В кабине становилось душно. Полуденное солнце палило с белесого неба, нагревая металл. Вершины дальних гор колебались, будто покачивались, в знойном мареве: казалось, вот-вот приподнимутся и уплывут темными облаками. Ослепляюще сверкала вода в речушке, бежавшей возле шоссе. Заметно уменьшилось движение на дороге, почти исчезли пешеходы, укрывшиеся от жары. Местность становилась однообразней, редко виднелись постройки. Попался навстречу караван верблюдов, нагруженных пестрыми тюками. Прошли дехкане, человек двадцать, с мотыгами в руках и оружием за спиной.
Павлина начала подремывать, но вдруг почувствовала, как напрягся Ваня Сказычев, объезжая углубления на дороге. Ушли под колеса темные пятна гари на асфальте. Справа валялись остовы автомашин, блестело в низкой рыжей траве стеклянное крошево.
— Наши машины? — тихо спросила Павлина.
— И наши, и афганские. Засада была, и мины поставлены. Гляди, как «Татру» изуродовали! Мощный наливник, на двадцать тонн цистерна. Сколько добра-то пропало! В кишлаки небось горючее вез, людей греть, а они его… — Ваня глянул на девушку, осекся на полуслове. — Ну, не расстраивайся. Говорю, привыкнешь. Дальше опять кишлаки будут. Дорога спокойная.
— До самого перевала?
— Почти до самого, — Сказычев помолчал, спросил: — Послушай, Пава, только откровенно… Мы, ребята, по службе здесь. Интернациональный долг, наша обязанность, все ясно. А вот вас-то, девчонок, что сюда привело? Романтика, что ли?

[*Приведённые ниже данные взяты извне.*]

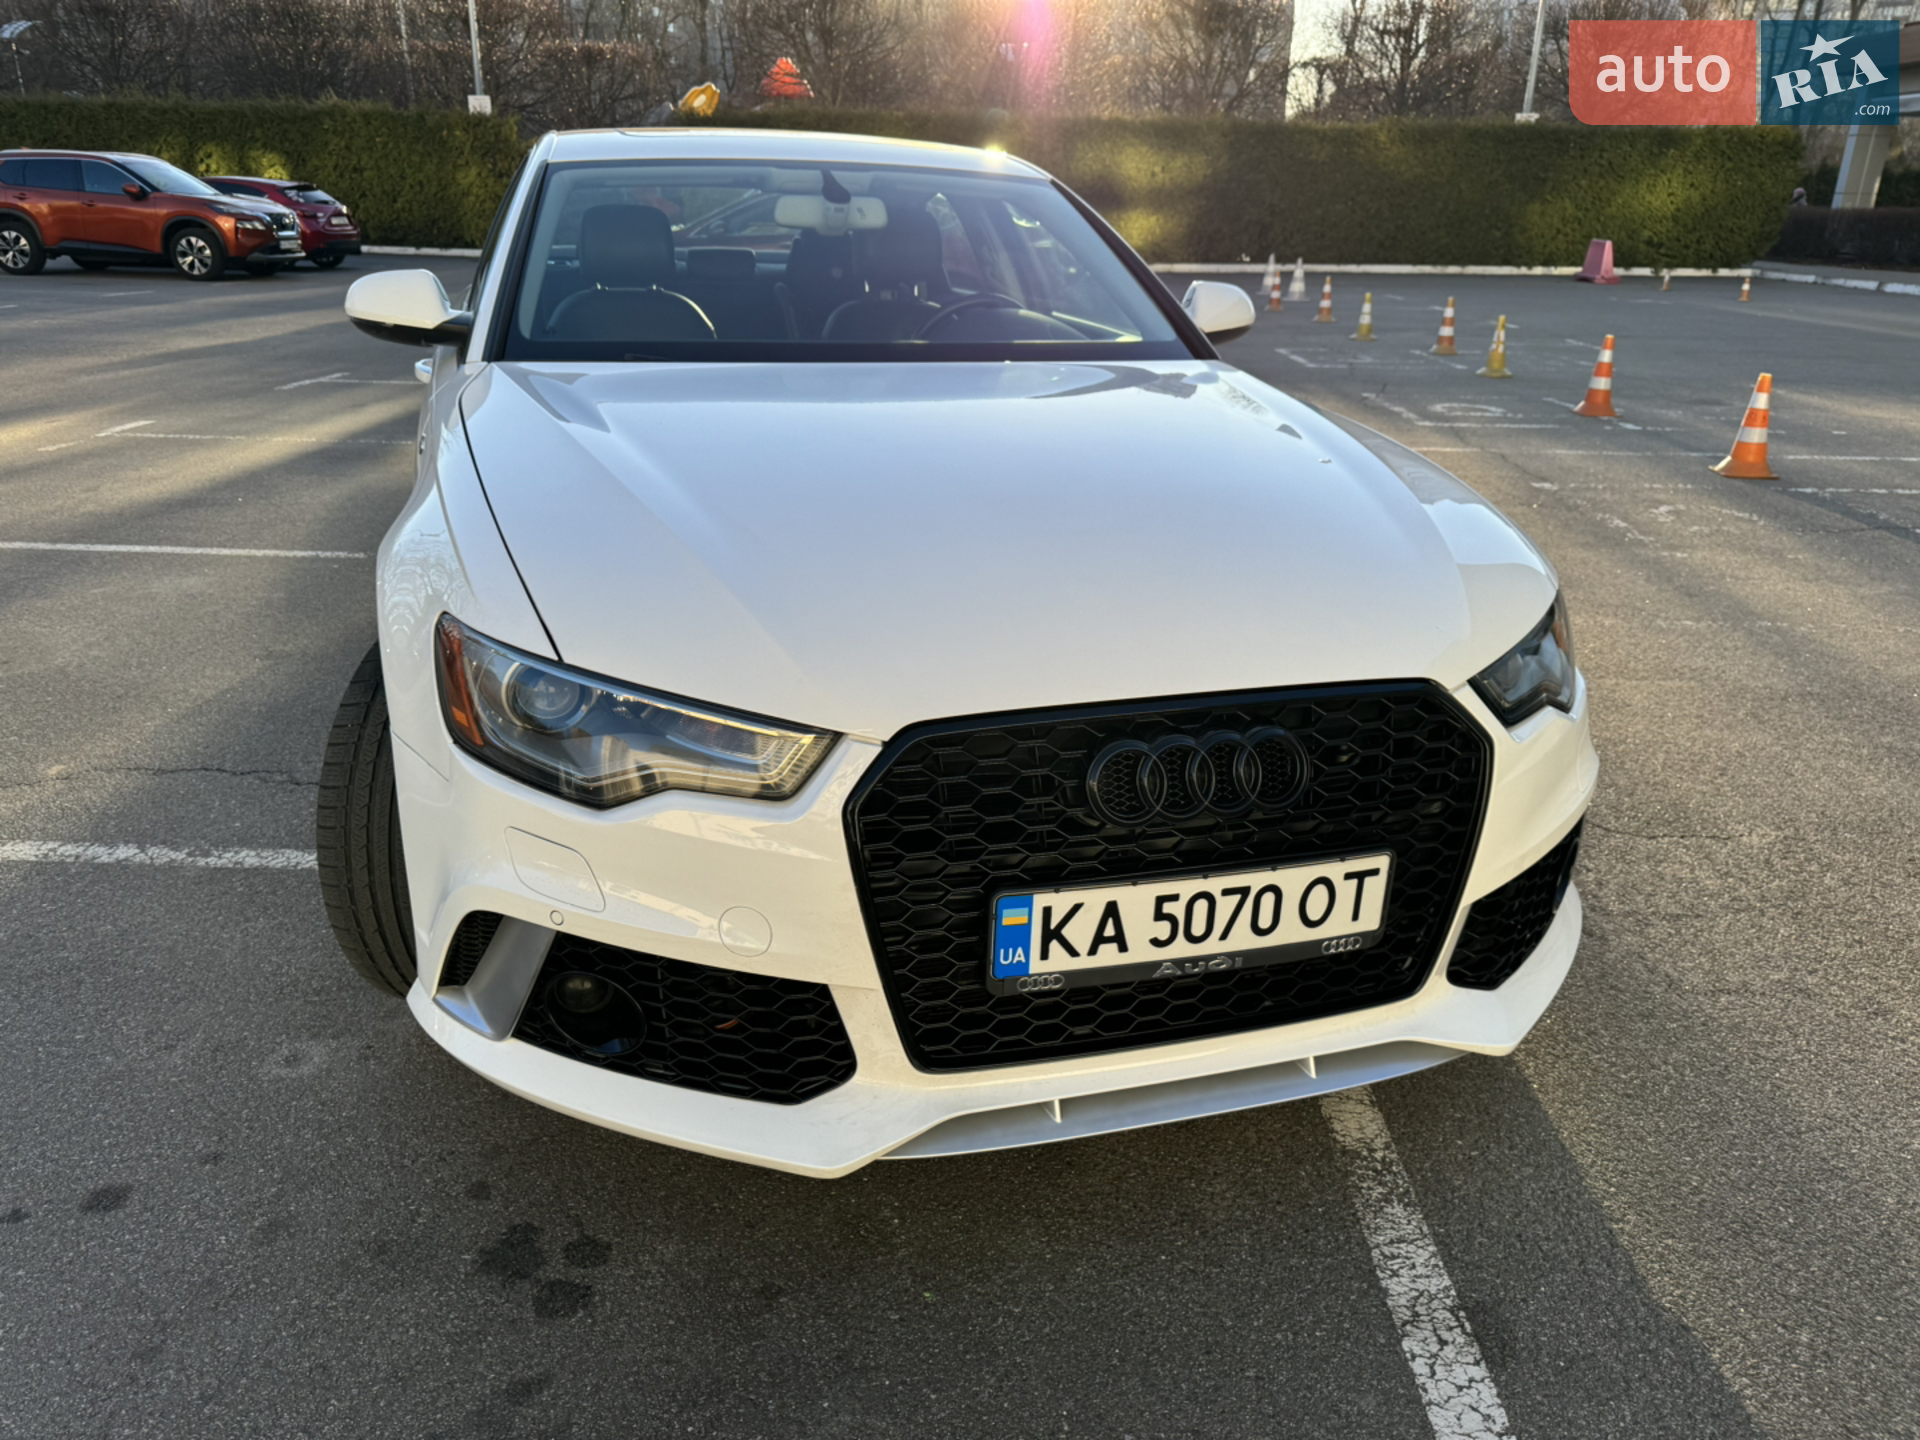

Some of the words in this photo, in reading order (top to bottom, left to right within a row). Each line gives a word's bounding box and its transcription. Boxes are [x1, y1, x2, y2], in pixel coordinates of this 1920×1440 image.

[1039, 900, 1129, 961] KA
[1148, 883, 1284, 949] 5070
[1299, 867, 1381, 929] OT
[999, 947, 1027, 966] UA

Павлине и ее подругам не раз приходилось слышать подобные вопросы. Обычно отвечали на них, как писали в заявлениях с просьбой отправить в Афганистан: «Хочу испытать себя в трудном, настоящем деле». Это звучало убедительно, патриотично и в общем-то было правдой, хотя, конечно, почти у каждой из девушек были какие-то свои, особые, причины. Павлина, отвечая, добавляла иногда: вся ее прошлая жизнь, дескать, привела к тому, что оказалась здесь.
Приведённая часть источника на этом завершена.